* **Assignment**
Make an exact copy of the listing below. Pictures stay out of it.

BEGIN Dataset extract

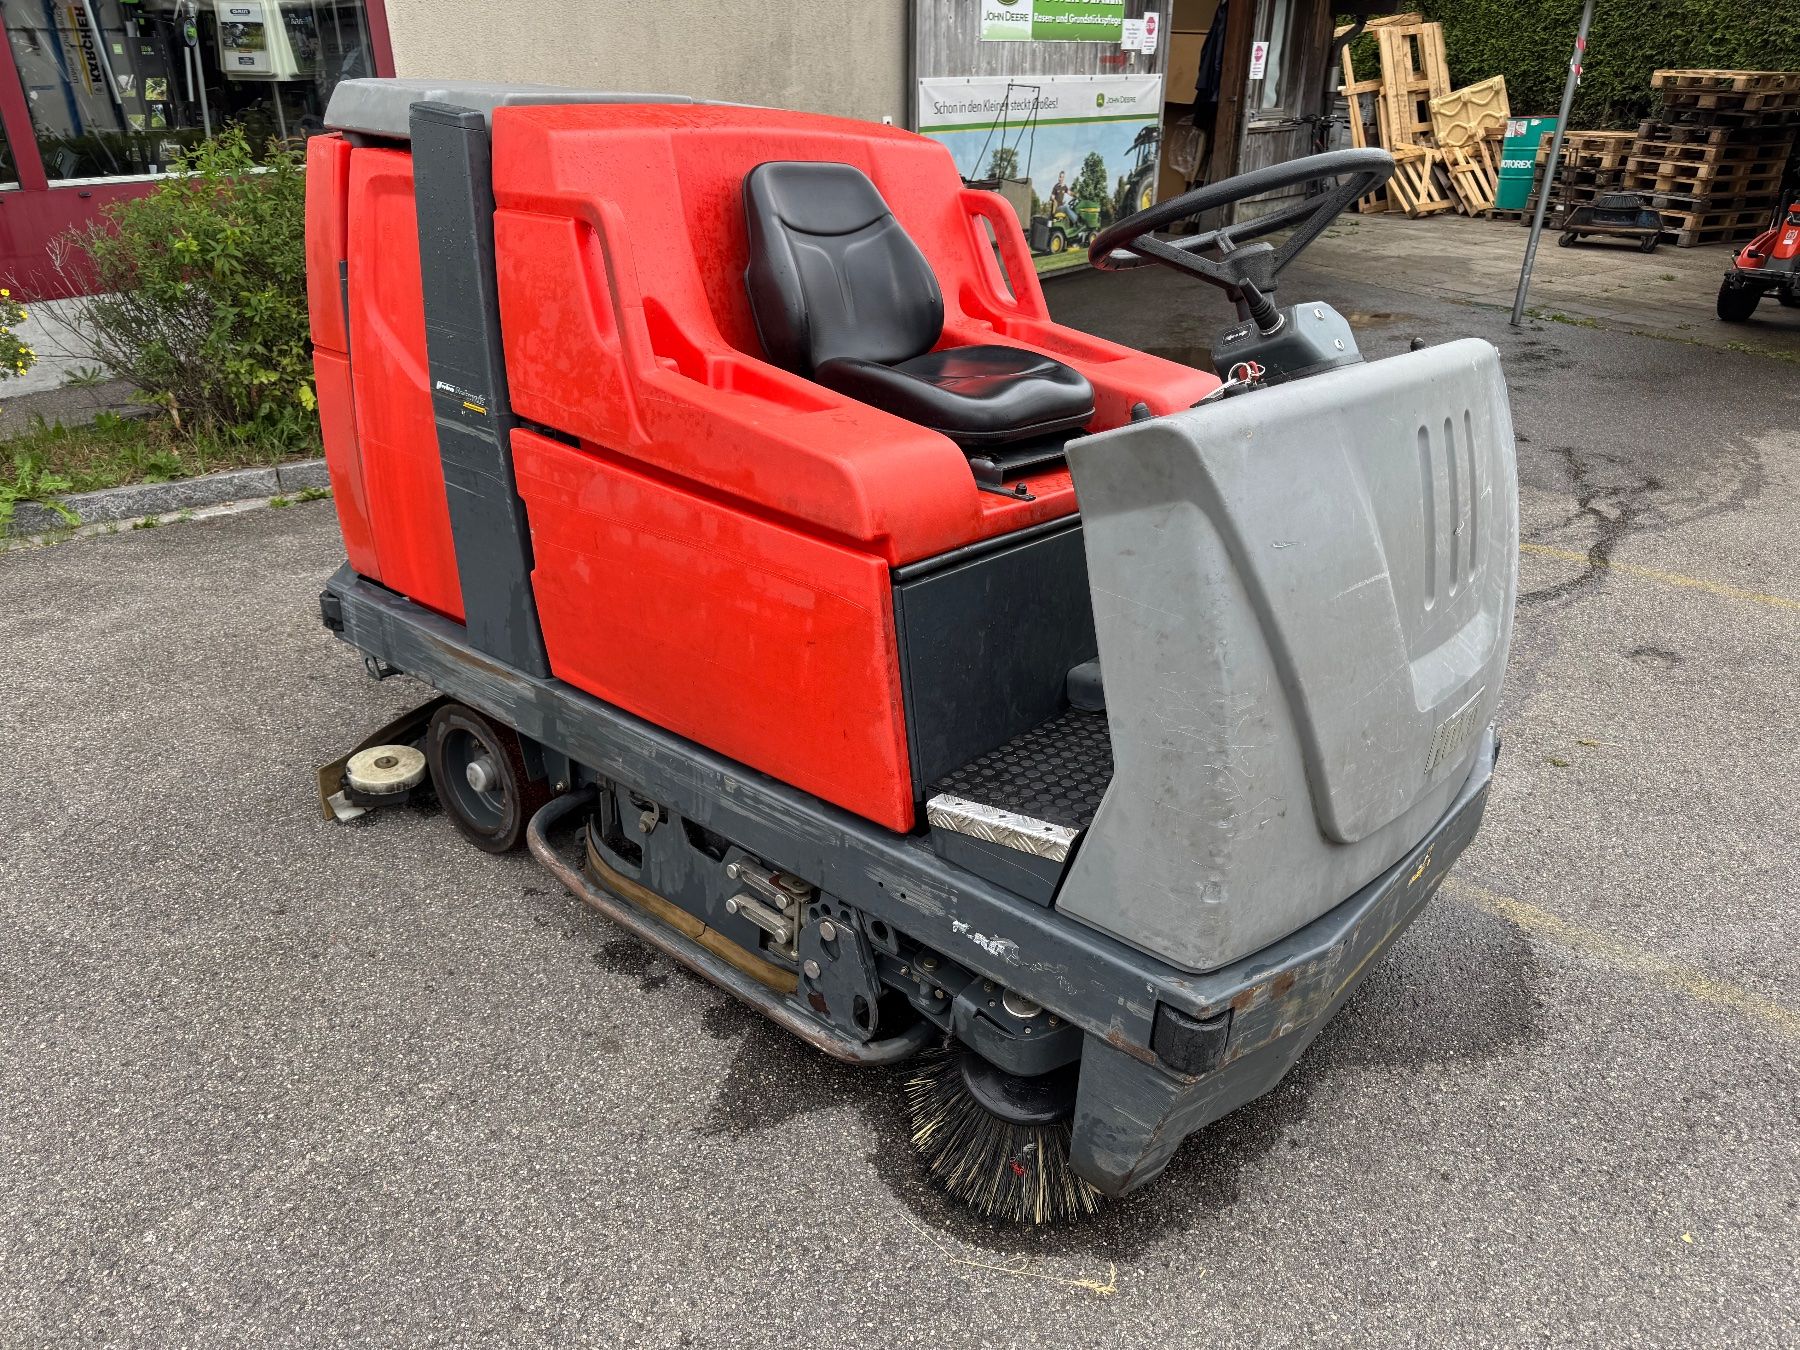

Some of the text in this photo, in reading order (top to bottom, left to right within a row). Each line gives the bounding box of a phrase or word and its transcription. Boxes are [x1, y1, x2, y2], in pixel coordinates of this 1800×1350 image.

[984, 10, 1029, 22] JOHN DEERE
[1055, 13, 1068, 23] und
[933, 100, 958, 115] Schon
[959, 100, 967, 113] in
[967, 99, 982, 113] den
[1010, 98, 1031, 111] steckt

END Dataset extract

* **Completed exercise**
Some of the text in this photo, in reading order (top to bottom, left to right within a row). Each line gives the bounding box of a phrase or word and its transcription. Boxes are [x1, y1, x2, y2], in pixel coordinates of this 1800×1350 image.

[984, 10, 1029, 22] JOHN DEERE
[1055, 13, 1068, 23] und
[933, 100, 958, 115] Schon
[959, 100, 967, 113] in
[967, 99, 982, 113] den
[1010, 98, 1031, 111] steckt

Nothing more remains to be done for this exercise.